Where it shines most is in the tasks farmers tend to avoid: paperwork, administrative work, and the endless flow of documents that modern agriculture demands.

“If there’s work on the farm that’s drudgery — the tasks you avoid, the ones that drain your energy — that’s where AI is strongest.”

Generative tools such as ChatGPT, Microsoft Copilot, and Google Gemini can draft policy templates, summarize meeting transcripts, convert spray records into compliance documents, or even digest lengthy government reports into farm-specific summaries.

“It’s not 100% done,” Newcombe says. “You still need to review and tweak it. But it’s a lot easier than staring at a blank page.”

That doesn’t mean the technology is flawless.

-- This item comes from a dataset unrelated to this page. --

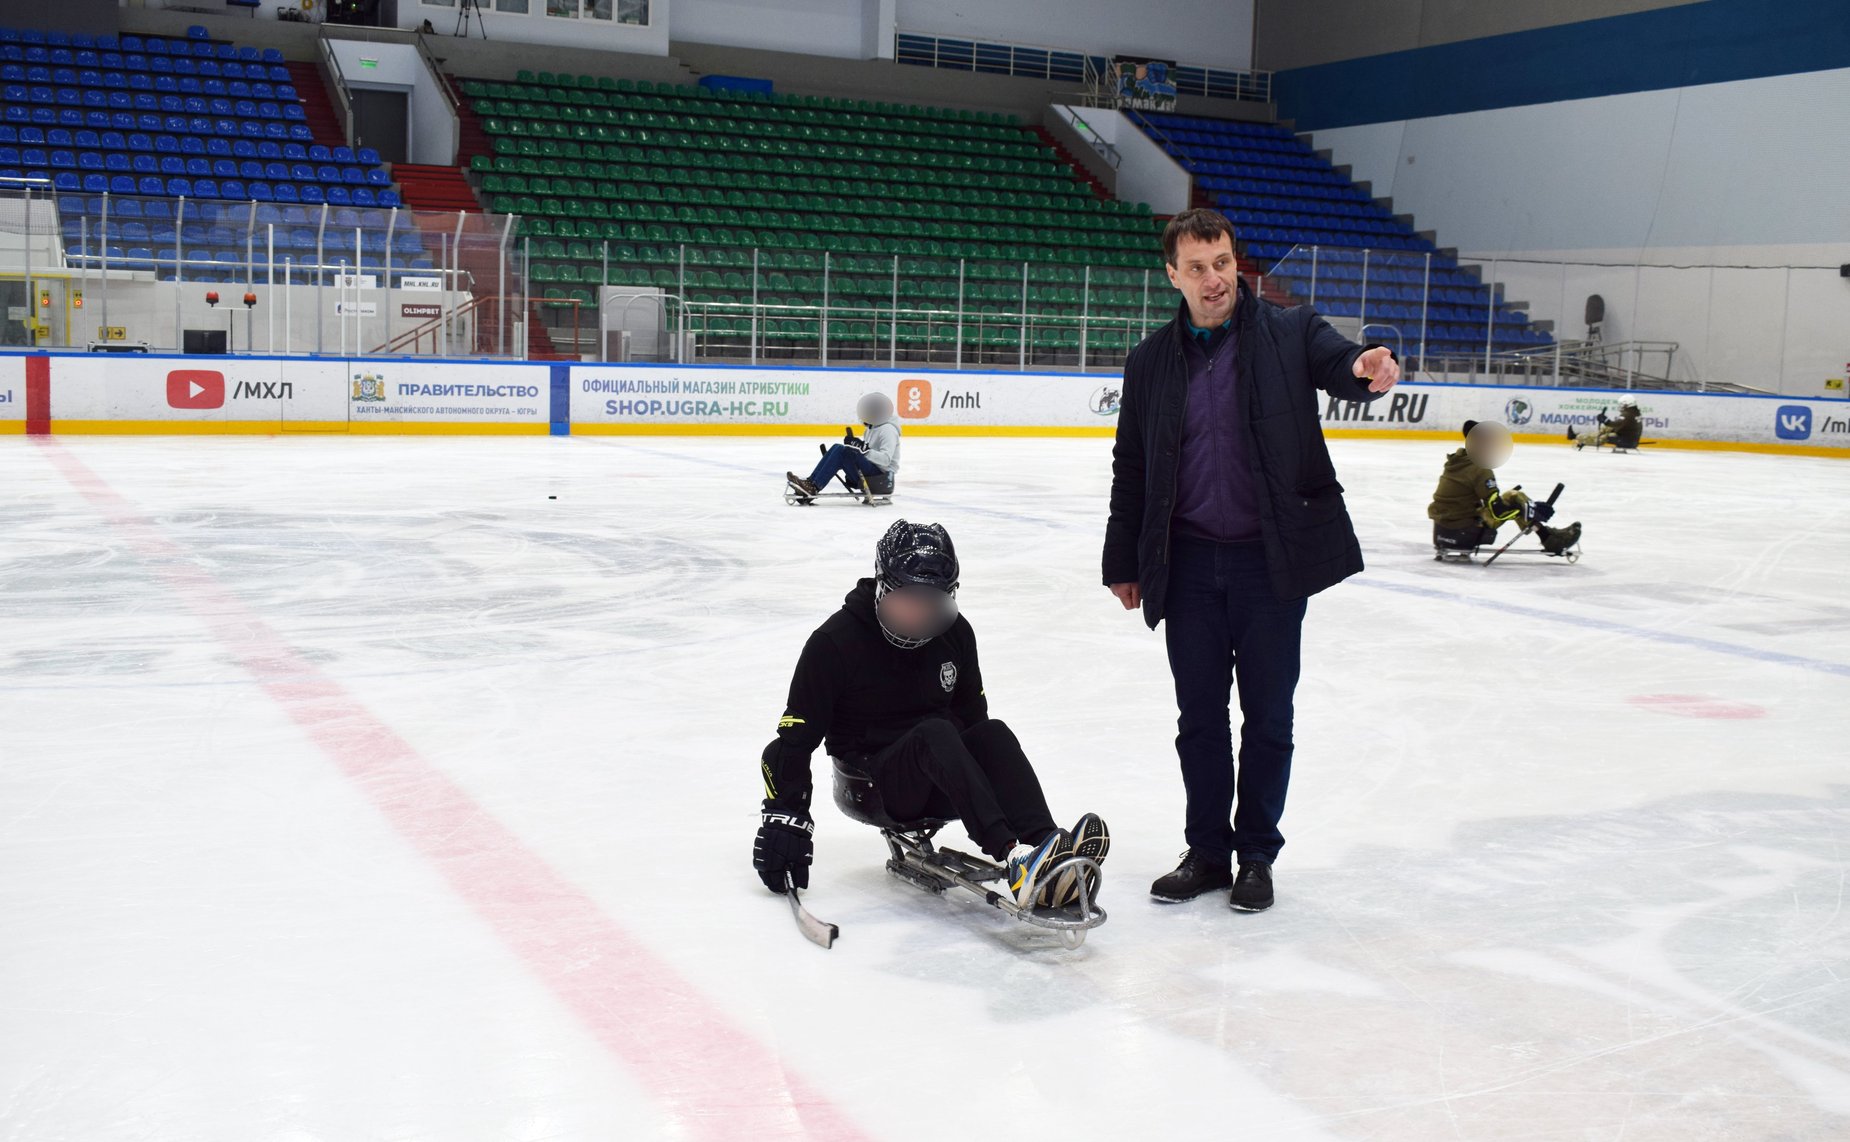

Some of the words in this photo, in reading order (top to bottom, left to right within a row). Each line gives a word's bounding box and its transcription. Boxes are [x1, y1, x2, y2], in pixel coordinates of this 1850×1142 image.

AI systems can still produce errors — sometimes confidently inventing facts or sources, a phenomenon known as hallucination. The best safeguard, Newcombe says, is to treat the technology as an assistant rather than an authority: ask for citations, provide context, and keep human judgment firmly in the loop.

“These systems are trained on the internet,” he says. “By default, they’ll give you something very average and generic. The more context you provide — your location, your operation, your scale — the better the result.”

Concerns about data privacy also require common sense. “Don’t put anything into ChatGPT that you wouldn’t want leaked,” he says, noting that sensitive financial records, employee information, or confidential data should stay out of open systems.

Ultimately, however, the biggest barrier to adopting AI isn’t the technology itself. It’s mindset.

“This is the worst AI you will ever use,” he says. “It’s only getting better.”